This article provides an overview of the United States Navy’s (USN) Command Fitness Leader (CFL).

2.0     What is a Command Fitness Leader?

A CFL provides physical training and guidance to members of their unit, as well as conducting the personal fitness assessment.

A CFL is appointed in writing by the commanding officer, with only one CFL at a time.

3.0     What is the Role of a CFL?

CFL’s play an integral part in the overall fitness and readiness of US Navy Sailors, providing the tools and motivation to help their colleagues maintain a healthy physical fitness programme, succeed physically, and maintain good health.

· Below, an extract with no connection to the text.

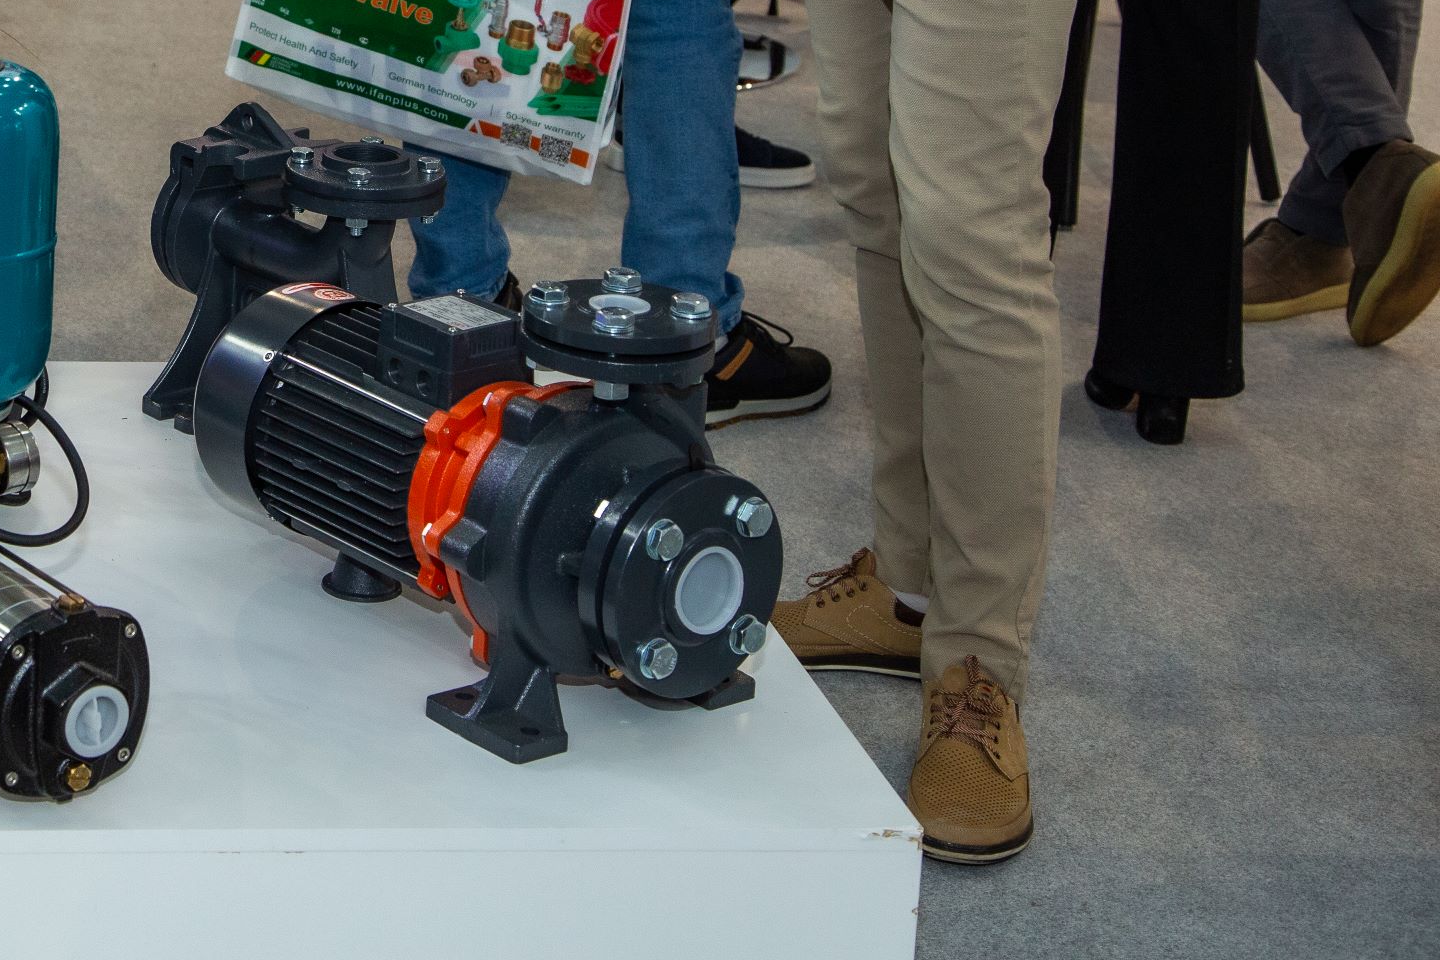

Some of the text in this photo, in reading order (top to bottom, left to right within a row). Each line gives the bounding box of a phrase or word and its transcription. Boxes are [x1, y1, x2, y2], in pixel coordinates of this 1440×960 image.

With this in mind, the role of a CFL is to:

  • Provide exercise programming and guidance to command members on proper nutrition, weight management, physical conditioning, and test safety; schedule, administer, monitor, and report on physical fitness assessments (PFA) for all members;
  • Ensure members take completed Physical activity readiness for fitness questionnaire (PARFQ) to their preventive health assessment (PHA) appointment;
  • Conduct the bi-annual PHA for their commands; and
  • Work closely and advise the chain of command, safety officer, Command Master Chief, and Command Career Counsellor.

4.0     Brief History

CFL’s superseded Command Fitness Coordinators (CFC) (Hodgdon, 1999). CFC’s were first established in 1982, with 1990 seeing a definition of the qualifications required (Hodgdon, 1999). CFC’s were encouraged to pursue standard American College of Sports Medicine (ACSM) exercise leader certification and a CFC reference and training manual was provided to aid this.

From 1998, training for CFC’s became mandatory and attendance was required on a BUPERS-approved training course, which also included CFC certification (Hodgdon, 1999). Commands were also encouraged to appoint departmental and divisional CFC assistants, who were encouraged to attend the CFC certification training.

5.0     What is the Total Sailor Fitness Branch?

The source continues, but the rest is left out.